Good for you Mary. I know how hard it is not to lose yourself in the caregiver role. One thing that helps me is to remember & remind my husband that the dementia diagnosis happened to us, not just him. Luckily, or not,my husband doesn't need physical help, just what they call stand-by assistance, so I need the aide or I will become housebound too. For now, life does go on for us. Keeping up our non-caregiver interests/activities will keep our separate life to go on, because unfortunately giving the prognosis for Lewy Body, more likely than not, life will have to go on only for me at some point.

The broken foot has forced me in that "period of recovery" you mentioned, as the last 8 months or so have been dramatic.

I'm in two dementia caregiver groups which help immensely.

FYI - Dennis' speech therapy was for cognition as well. But now, he's past the point where it would help again. As the Drs. tell us, it's the "progression of the disease", which is inexorable.

Take care.

Pauline (Lena)

Reason, logic, and common sense are no longer communication tools. Goofiness and silliness are very effective in both communication and keeping her in a good mood. I feel like I am a clown at a toddlers birthday party in order to communicate more often than not. No reasoning, no arguing, no criticizing just toddler party fun. It is better than feeling sorry for myself or being miserable that is for sure. I think goofiness and silliness is a stress relief valve for being normal in an abnormal situation.

So true, but also so difficult. I mess up all the time, but keep trying.

Pauline (Lena)

seems to work with my husband. 😊

I hope you all get better soon and keep your chin up! It is so hard to be a caregiver at times. I think my husband has Lewy body too and it’s super painful to see him keep drinking and hurting his brain daily. Humor is a great reminder and so is praying and turning to support groups. I’m thinking that a CCRC is a great idea for all of us. Have you all considered moving into one or do any of you already live in one? They sell you on fear, I sometimes think there’s a better and more empowering way to live still at home as independently for as long as possible. However, it seems there’s a catch 22 in that once you truly need meals, help and care, one might not qualify to move in to a CCRC? It’s a bit tricky. What do you all think? I love the idea of long term care in place, meals, social interactions daily, activities…but, loving in a small apartment doesn’t sound too fun. Oh well, everything seems to be a compromise as we are. Hang in there everyone! Sending healing ❤️‍🩹 hugs and love and prayers 🙏!

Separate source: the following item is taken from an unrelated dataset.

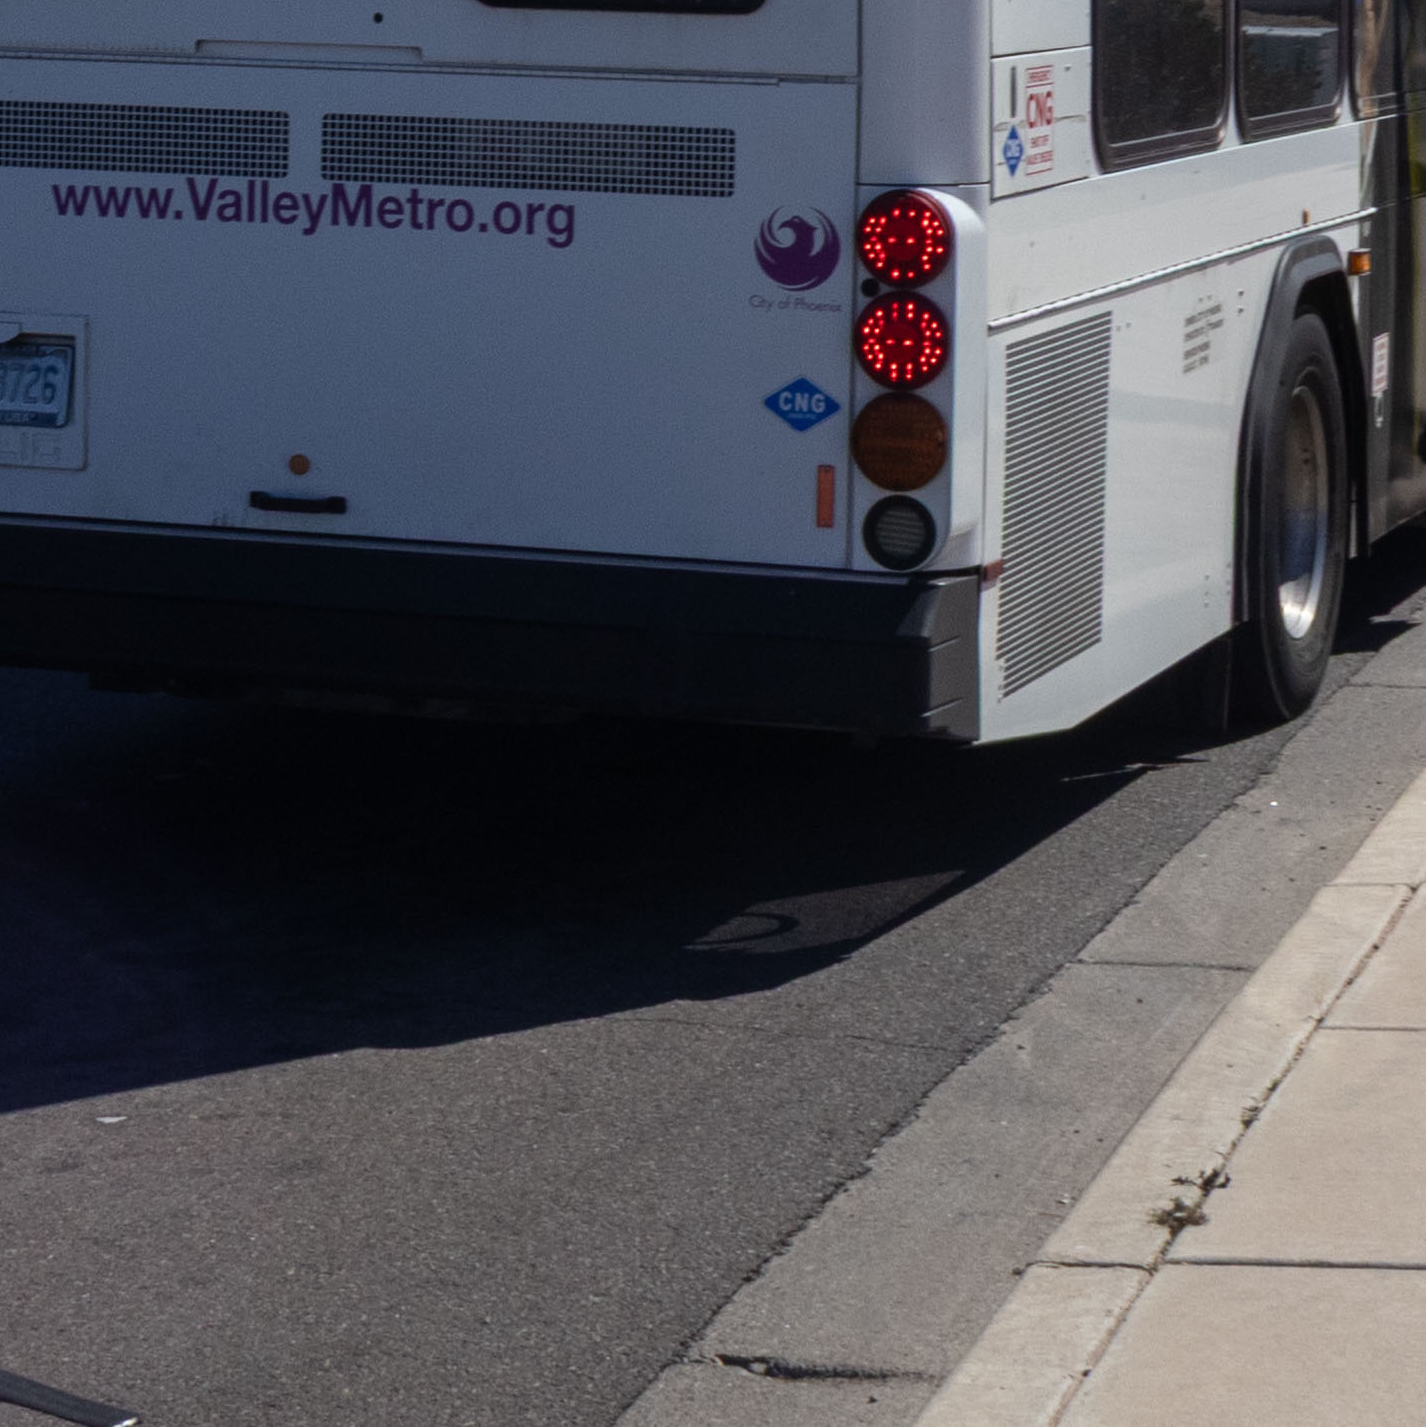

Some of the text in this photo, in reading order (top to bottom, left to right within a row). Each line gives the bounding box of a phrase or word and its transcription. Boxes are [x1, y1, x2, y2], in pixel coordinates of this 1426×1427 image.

[1026, 91, 1053, 128] CNG
[52, 177, 575, 248] www.ValleyMetro.org
[779, 391, 826, 413] CNG

“Living in a small apartment “

@pianist3 My parents moved to a CCRC when they were in their 70’s. It worked so well for them!

I can deal with my husband's missteps, including forgetting or not doing things. The part I cannot deal well with is the almost constant verbal abuse, swearing at the cats (Which upsets me) and rudeness when we are out with friends. I know this is my life going forward, but getting Just In TIme relief is tough. Ideas?